In many Asian countries, the public, policy makers and legislators have called for increased regulation and additional laws to rein in what they consider to be excessive and irresponsible journalistic newsgathering practices, while many in the journalism profession itself have urged more self-regulation. These practices and debates have resulted, for example in Hong Kong, in calls for the creation of a statutory press council with the power to fine newspapers and other far-reaching legislation to curb privacy intrusion related to the use of hidden cameras, deception and other means. Also in Hong Kong, a former British colony that reverted to Chinese sovereignty in 1997, China’s intense concerns over national security and state secrets raise additional questions about the way information and news are gathered and disseminated and the risks journalists may encounter while using confidential documents and anonymous sources to cover government-related actions.

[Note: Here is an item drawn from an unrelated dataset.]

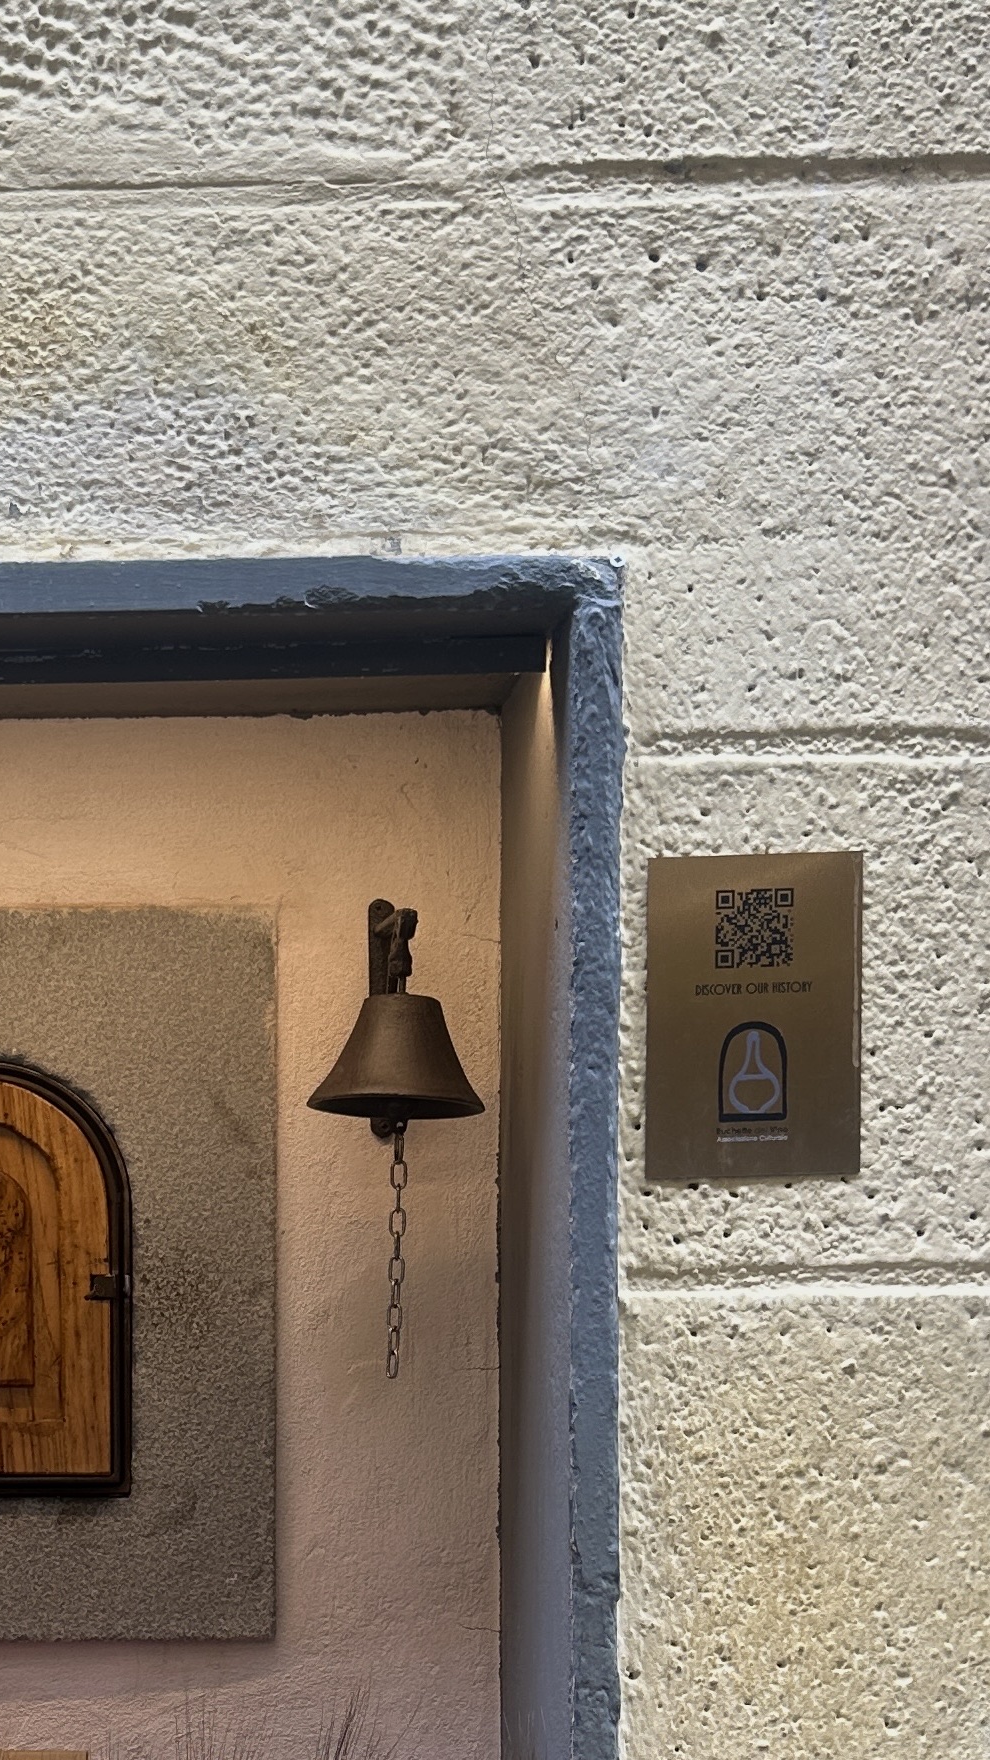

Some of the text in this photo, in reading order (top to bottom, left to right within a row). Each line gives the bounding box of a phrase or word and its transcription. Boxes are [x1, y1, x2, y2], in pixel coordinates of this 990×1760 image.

Likewise, in Taiwan, where the lifting of press bans in the late 1980s resulted in many new newspapers and other publications, increasing calls for examination of press practices have been made. In Thailand, anonymous and unconfirmed sources have long been important sources of “facts” in the Thai media, which remain deeply distrustful of official sources. (Hirano, 1999) In mainland China, so-called “red packets” of “taxi money” are routinely handed out to reporters at press conferences by officials of companies who want coverage of new products and services. (Guan, 1989; Gu, 2004) And while the Philippinepress is known as hard-hitting and effective, it is rife with “sensationalism, sloppy reporting and breaches of professional and ethical standards.” (Coronel, 1994)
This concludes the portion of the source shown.